RECORDS FOR PROCESSING: Begin
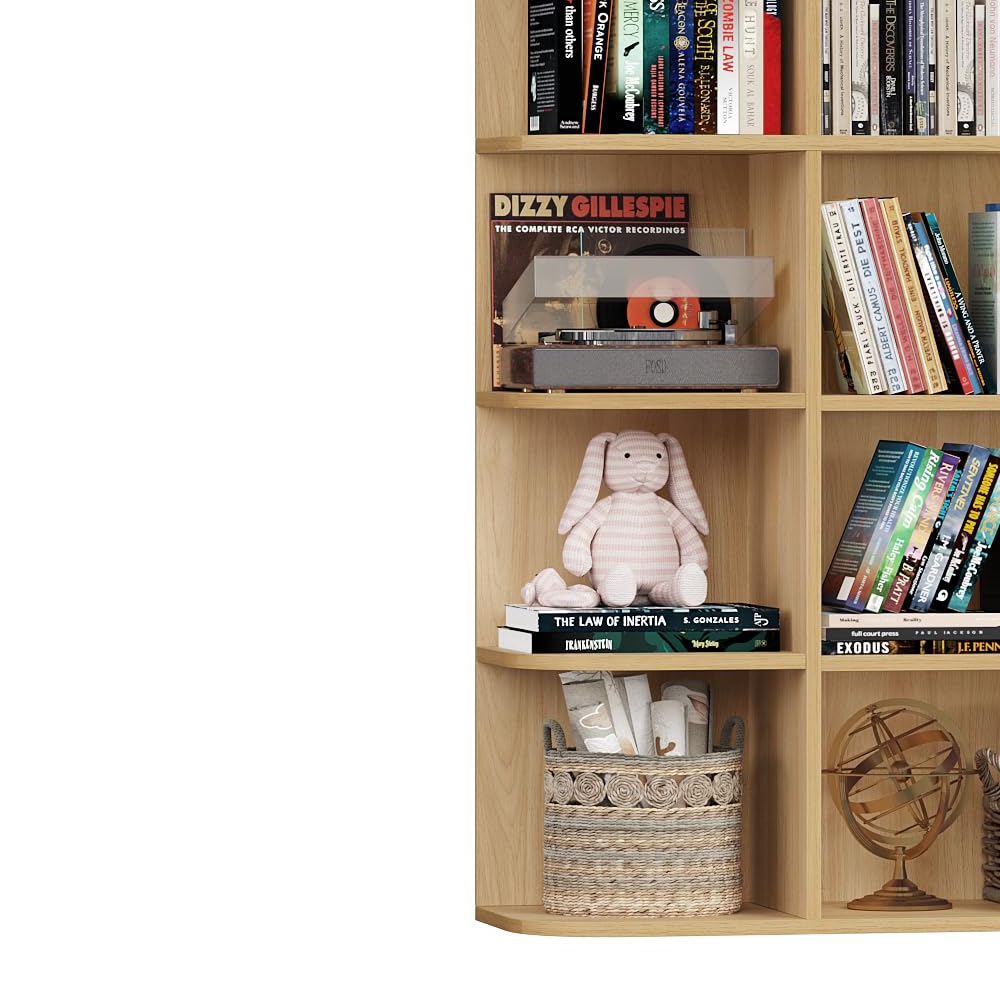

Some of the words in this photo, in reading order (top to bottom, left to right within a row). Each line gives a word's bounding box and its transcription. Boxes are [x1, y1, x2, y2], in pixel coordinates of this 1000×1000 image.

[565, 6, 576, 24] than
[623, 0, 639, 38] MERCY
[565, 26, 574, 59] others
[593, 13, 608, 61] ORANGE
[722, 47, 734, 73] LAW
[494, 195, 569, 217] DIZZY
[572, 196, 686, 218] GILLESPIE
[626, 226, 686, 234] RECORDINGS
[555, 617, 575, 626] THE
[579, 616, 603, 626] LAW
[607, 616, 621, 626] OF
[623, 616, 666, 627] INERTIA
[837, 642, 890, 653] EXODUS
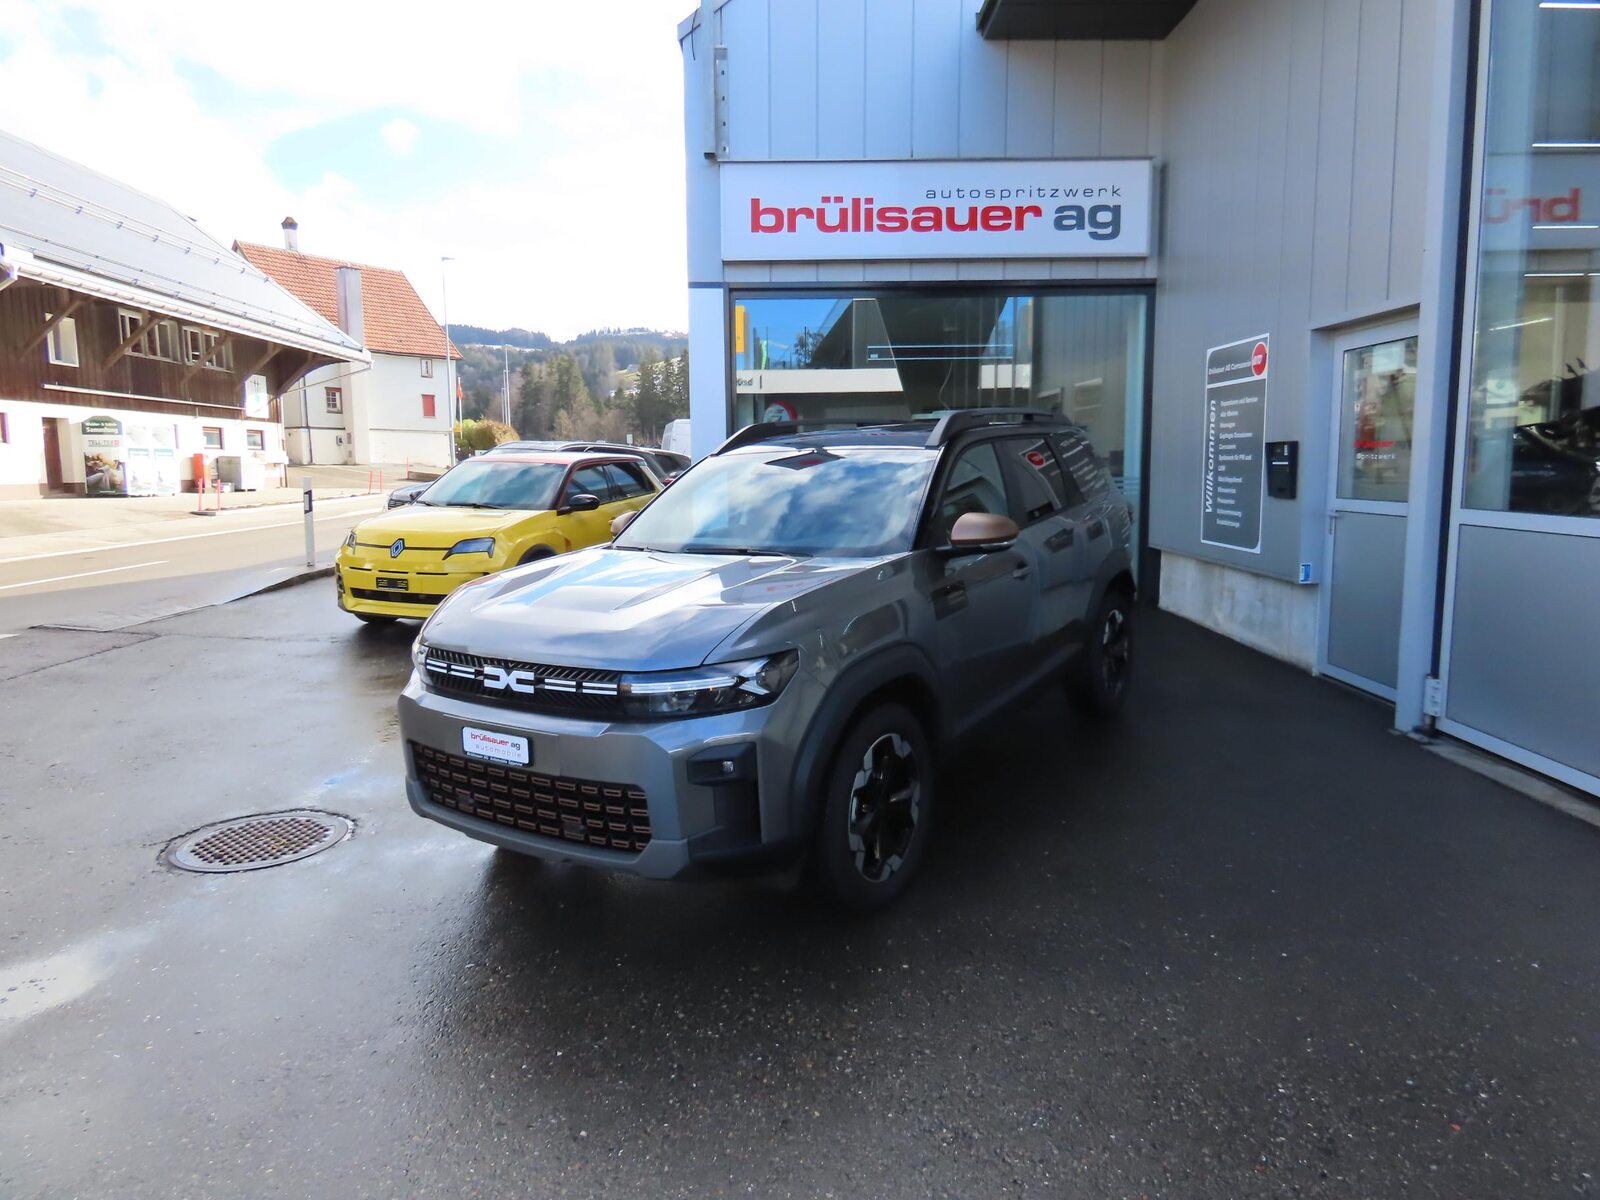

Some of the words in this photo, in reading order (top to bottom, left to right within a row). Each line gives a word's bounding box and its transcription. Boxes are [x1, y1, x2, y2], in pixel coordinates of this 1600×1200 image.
RECORDS FOR PROCESSING: End
§ WHAT YOU HAVE TO DO
Only the pictures in the listing above get left out; print everything else exactly.

§ ANSWER TO THE EXERCISE
Some of the words in this photo, in reading order (top to bottom, left to right within a row). Each line gives a word's bounding box and its transcription. Boxes are [x1, y1, x2, y2], in pixel coordinates of this 1000×1000 image.

[565, 6, 576, 24] than
[623, 0, 639, 38] MERCY
[565, 26, 574, 59] others
[593, 13, 608, 61] ORANGE
[722, 47, 734, 73] LAW
[494, 195, 569, 217] DIZZY
[572, 196, 686, 218] GILLESPIE
[626, 226, 686, 234] RECORDINGS
[555, 617, 575, 626] THE
[579, 616, 603, 626] LAW
[607, 616, 621, 626] OF
[623, 616, 666, 627] INERTIA
[837, 642, 890, 653] EXODUS

Some of the words in this photo, in reading order (top to bottom, left to right within a row). Each line gives a word's bounding box and its transcription. Boxes are [x1, y1, x2, y2], in pixel coordinates of this 1600×1200 image.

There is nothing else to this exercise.